** Opening Data to examine block **

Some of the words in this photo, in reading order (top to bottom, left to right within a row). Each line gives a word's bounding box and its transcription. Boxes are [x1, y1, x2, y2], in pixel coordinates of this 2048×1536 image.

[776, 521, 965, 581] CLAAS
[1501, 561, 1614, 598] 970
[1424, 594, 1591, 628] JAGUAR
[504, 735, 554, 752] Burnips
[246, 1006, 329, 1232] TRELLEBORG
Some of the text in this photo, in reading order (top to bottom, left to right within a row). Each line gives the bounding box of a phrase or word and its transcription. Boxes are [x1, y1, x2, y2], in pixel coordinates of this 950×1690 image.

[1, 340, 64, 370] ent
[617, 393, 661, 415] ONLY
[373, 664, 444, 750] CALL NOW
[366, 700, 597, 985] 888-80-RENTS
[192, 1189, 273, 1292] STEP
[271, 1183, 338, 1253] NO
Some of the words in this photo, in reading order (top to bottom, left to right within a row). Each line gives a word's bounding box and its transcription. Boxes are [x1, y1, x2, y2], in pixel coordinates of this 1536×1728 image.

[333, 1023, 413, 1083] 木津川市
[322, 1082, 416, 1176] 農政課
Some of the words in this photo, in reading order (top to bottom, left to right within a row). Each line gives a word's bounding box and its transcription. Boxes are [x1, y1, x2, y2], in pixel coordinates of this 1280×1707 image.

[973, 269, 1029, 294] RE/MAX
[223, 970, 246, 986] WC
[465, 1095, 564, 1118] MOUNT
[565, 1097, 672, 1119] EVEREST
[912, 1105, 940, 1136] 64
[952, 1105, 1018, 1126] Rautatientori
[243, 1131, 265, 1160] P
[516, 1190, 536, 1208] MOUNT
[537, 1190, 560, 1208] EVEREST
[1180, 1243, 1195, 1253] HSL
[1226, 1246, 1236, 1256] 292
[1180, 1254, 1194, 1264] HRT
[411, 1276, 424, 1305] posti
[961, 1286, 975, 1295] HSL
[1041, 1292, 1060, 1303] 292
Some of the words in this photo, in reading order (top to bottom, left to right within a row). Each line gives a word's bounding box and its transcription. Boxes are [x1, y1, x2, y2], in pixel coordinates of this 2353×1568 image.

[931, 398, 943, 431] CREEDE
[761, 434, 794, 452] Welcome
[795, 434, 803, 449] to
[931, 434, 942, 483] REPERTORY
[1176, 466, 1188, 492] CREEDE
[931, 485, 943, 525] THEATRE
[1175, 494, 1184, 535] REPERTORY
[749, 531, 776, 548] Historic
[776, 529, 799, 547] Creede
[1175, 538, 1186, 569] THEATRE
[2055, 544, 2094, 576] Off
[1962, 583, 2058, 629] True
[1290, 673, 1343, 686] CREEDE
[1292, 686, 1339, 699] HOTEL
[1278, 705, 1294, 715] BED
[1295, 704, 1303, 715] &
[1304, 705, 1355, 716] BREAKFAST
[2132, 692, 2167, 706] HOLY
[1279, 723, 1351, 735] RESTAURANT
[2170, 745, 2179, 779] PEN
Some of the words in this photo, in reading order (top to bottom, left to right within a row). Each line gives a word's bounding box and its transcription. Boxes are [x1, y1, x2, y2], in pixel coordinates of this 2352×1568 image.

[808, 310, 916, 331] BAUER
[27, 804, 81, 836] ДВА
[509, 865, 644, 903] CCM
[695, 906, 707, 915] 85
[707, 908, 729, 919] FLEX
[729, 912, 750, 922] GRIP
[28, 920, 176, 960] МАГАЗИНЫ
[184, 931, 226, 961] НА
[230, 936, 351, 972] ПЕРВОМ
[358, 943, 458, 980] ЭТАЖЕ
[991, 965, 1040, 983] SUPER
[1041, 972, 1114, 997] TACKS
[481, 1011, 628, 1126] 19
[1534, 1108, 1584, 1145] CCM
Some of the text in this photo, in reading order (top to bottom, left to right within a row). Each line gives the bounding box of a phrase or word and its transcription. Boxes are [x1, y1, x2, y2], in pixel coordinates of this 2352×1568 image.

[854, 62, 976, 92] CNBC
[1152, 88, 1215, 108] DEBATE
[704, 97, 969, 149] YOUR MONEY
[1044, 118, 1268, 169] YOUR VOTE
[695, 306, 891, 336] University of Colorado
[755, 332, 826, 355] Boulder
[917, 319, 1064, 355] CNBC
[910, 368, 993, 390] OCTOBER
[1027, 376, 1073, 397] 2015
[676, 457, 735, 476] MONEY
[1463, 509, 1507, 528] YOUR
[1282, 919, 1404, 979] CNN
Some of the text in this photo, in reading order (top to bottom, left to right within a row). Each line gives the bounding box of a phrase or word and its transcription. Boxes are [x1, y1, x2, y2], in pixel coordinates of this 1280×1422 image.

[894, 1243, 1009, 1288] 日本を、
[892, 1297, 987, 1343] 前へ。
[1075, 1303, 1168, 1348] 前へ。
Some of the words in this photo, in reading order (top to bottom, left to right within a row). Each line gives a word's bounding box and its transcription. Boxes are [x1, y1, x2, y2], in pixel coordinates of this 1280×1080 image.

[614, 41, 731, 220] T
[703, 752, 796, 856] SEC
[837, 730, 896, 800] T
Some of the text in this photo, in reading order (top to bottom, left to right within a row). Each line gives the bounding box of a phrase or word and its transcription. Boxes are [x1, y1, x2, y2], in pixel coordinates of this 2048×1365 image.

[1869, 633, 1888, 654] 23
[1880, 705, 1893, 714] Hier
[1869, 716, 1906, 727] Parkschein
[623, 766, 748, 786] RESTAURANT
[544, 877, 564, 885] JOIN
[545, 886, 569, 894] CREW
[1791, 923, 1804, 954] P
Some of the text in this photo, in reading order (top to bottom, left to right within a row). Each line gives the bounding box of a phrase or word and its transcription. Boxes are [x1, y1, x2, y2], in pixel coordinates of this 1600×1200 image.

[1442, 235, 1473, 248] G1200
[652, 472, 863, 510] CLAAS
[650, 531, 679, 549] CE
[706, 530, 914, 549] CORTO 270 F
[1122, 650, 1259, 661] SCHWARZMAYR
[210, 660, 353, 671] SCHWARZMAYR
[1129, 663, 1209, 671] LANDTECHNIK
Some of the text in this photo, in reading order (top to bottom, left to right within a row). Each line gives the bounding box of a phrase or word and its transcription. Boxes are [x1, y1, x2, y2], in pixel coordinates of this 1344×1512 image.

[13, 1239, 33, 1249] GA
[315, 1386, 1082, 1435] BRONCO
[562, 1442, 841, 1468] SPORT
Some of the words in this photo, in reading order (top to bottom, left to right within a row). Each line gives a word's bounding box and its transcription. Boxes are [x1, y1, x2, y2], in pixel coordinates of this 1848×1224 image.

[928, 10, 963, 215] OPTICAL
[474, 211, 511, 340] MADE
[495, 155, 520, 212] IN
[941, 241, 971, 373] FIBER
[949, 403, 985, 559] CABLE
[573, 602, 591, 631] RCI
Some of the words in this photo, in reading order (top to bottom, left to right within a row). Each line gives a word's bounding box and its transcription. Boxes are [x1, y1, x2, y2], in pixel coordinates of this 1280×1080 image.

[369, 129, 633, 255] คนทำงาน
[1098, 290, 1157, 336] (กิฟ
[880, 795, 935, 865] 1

** Closing Data to examine block **

_How to complete this task:_
Each entry needs to be written out again, exactly as given.

_Written response:_
Some of the words in this photo, in reading order (top to bottom, left to right within a row). Each line gives a word's bounding box and its transcription. Boxes are [x1, y1, x2, y2], in pixel coordinates of this 2048×1536 image.

[776, 521, 965, 581] CLAAS
[1501, 561, 1614, 598] 970
[1424, 594, 1591, 628] JAGUAR
[504, 735, 554, 752] Burnips
[246, 1006, 329, 1232] TRELLEBORG
Some of the text in this photo, in reading order (top to bottom, left to right within a row). Each line gives the bounding box of a phrase or word and its transcription. Boxes are [x1, y1, x2, y2], in pixel coordinates of this 950×1690 image.

[1, 340, 64, 370] ent
[617, 393, 661, 415] ONLY
[373, 664, 444, 750] CALL NOW
[366, 700, 597, 985] 888-80-RENTS
[192, 1189, 273, 1292] STEP
[271, 1183, 338, 1253] NO
Some of the words in this photo, in reading order (top to bottom, left to right within a row). Each line gives a word's bounding box and its transcription. Boxes are [x1, y1, x2, y2], in pixel coordinates of this 1536×1728 image.

[333, 1023, 413, 1083] 木津川市
[322, 1082, 416, 1176] 農政課
Some of the words in this photo, in reading order (top to bottom, left to right within a row). Each line gives a word's bounding box and its transcription. Boxes are [x1, y1, x2, y2], in pixel coordinates of this 1280×1707 image.

[973, 269, 1029, 294] RE/MAX
[223, 970, 246, 986] WC
[465, 1095, 564, 1118] MOUNT
[565, 1097, 672, 1119] EVEREST
[912, 1105, 940, 1136] 64
[952, 1105, 1018, 1126] Rautatientori
[243, 1131, 265, 1160] P
[516, 1190, 536, 1208] MOUNT
[537, 1190, 560, 1208] EVEREST
[1180, 1243, 1195, 1253] HSL
[1226, 1246, 1236, 1256] 292
[1180, 1254, 1194, 1264] HRT
[411, 1276, 424, 1305] posti
[961, 1286, 975, 1295] HSL
[1041, 1292, 1060, 1303] 292
Some of the words in this photo, in reading order (top to bottom, left to right within a row). Each line gives a word's bounding box and its transcription. Boxes are [x1, y1, x2, y2], in pixel coordinates of this 2353×1568 image.

[931, 398, 943, 431] CREEDE
[761, 434, 794, 452] Welcome
[795, 434, 803, 449] to
[931, 434, 942, 483] REPERTORY
[1176, 466, 1188, 492] CREEDE
[931, 485, 943, 525] THEATRE
[1175, 494, 1184, 535] REPERTORY
[749, 531, 776, 548] Historic
[776, 529, 799, 547] Creede
[1175, 538, 1186, 569] THEATRE
[2055, 544, 2094, 576] Off
[1962, 583, 2058, 629] True
[1290, 673, 1343, 686] CREEDE
[1292, 686, 1339, 699] HOTEL
[1278, 705, 1294, 715] BED
[1295, 704, 1303, 715] &
[1304, 705, 1355, 716] BREAKFAST
[2132, 692, 2167, 706] HOLY
[1279, 723, 1351, 735] RESTAURANT
[2170, 745, 2179, 779] PEN
Some of the words in this photo, in reading order (top to bottom, left to right within a row). Each line gives a word's bounding box and its transcription. Boxes are [x1, y1, x2, y2], in pixel coordinates of this 2352×1568 image.

[808, 310, 916, 331] BAUER
[27, 804, 81, 836] ДВА
[509, 865, 644, 903] CCM
[695, 906, 707, 915] 85
[707, 908, 729, 919] FLEX
[729, 912, 750, 922] GRIP
[28, 920, 176, 960] МАГАЗИНЫ
[184, 931, 226, 961] НА
[230, 936, 351, 972] ПЕРВОМ
[358, 943, 458, 980] ЭТАЖЕ
[991, 965, 1040, 983] SUPER
[1041, 972, 1114, 997] TACKS
[481, 1011, 628, 1126] 19
[1534, 1108, 1584, 1145] CCM
Some of the text in this photo, in reading order (top to bottom, left to right within a row). Each line gives the bounding box of a phrase or word and its transcription. Boxes are [x1, y1, x2, y2], in pixel coordinates of this 2352×1568 image.

[854, 62, 976, 92] CNBC
[1152, 88, 1215, 108] DEBATE
[704, 97, 969, 149] YOUR MONEY
[1044, 118, 1268, 169] YOUR VOTE
[695, 306, 891, 336] University of Colorado
[755, 332, 826, 355] Boulder
[917, 319, 1064, 355] CNBC
[910, 368, 993, 390] OCTOBER
[1027, 376, 1073, 397] 2015
[676, 457, 735, 476] MONEY
[1463, 509, 1507, 528] YOUR
[1282, 919, 1404, 979] CNN
Some of the text in this photo, in reading order (top to bottom, left to right within a row). Each line gives the bounding box of a phrase or word and its transcription. Boxes are [x1, y1, x2, y2], in pixel coordinates of this 1280×1422 image.

[894, 1243, 1009, 1288] 日本を、
[892, 1297, 987, 1343] 前へ。
[1075, 1303, 1168, 1348] 前へ。
Some of the words in this photo, in reading order (top to bottom, left to right within a row). Each line gives a word's bounding box and its transcription. Boxes are [x1, y1, x2, y2], in pixel coordinates of this 1280×1080 image.

[614, 41, 731, 220] T
[703, 752, 796, 856] SEC
[837, 730, 896, 800] T
Some of the text in this photo, in reading order (top to bottom, left to right within a row). Each line gives the bounding box of a phrase or word and its transcription. Boxes are [x1, y1, x2, y2], in pixel coordinates of this 2048×1365 image.

[1869, 633, 1888, 654] 23
[1880, 705, 1893, 714] Hier
[1869, 716, 1906, 727] Parkschein
[623, 766, 748, 786] RESTAURANT
[544, 877, 564, 885] JOIN
[545, 886, 569, 894] CREW
[1791, 923, 1804, 954] P
Some of the text in this photo, in reading order (top to bottom, left to right within a row). Each line gives the bounding box of a phrase or word and its transcription. Boxes are [x1, y1, x2, y2], in pixel coordinates of this 1600×1200 image.

[1442, 235, 1473, 248] G1200
[652, 472, 863, 510] CLAAS
[650, 531, 679, 549] CE
[706, 530, 914, 549] CORTO 270 F
[1122, 650, 1259, 661] SCHWARZMAYR
[210, 660, 353, 671] SCHWARZMAYR
[1129, 663, 1209, 671] LANDTECHNIK
Some of the text in this photo, in reading order (top to bottom, left to right within a row). Each line gives the bounding box of a phrase or word and its transcription. Boxes are [x1, y1, x2, y2], in pixel coordinates of this 1344×1512 image.

[13, 1239, 33, 1249] GA
[315, 1386, 1082, 1435] BRONCO
[562, 1442, 841, 1468] SPORT
Some of the words in this photo, in reading order (top to bottom, left to right within a row). Each line gives a word's bounding box and its transcription. Boxes are [x1, y1, x2, y2], in pixel coordinates of this 1848×1224 image.

[928, 10, 963, 215] OPTICAL
[474, 211, 511, 340] MADE
[495, 155, 520, 212] IN
[941, 241, 971, 373] FIBER
[949, 403, 985, 559] CABLE
[573, 602, 591, 631] RCI
Some of the words in this photo, in reading order (top to bottom, left to right within a row). Each line gives a word's bounding box and its transcription. Boxes are [x1, y1, x2, y2], in pixel coordinates of this 1280×1080 image.

[369, 129, 633, 255] คนทำงาน
[1098, 290, 1157, 336] (กิฟ
[880, 795, 935, 865] 1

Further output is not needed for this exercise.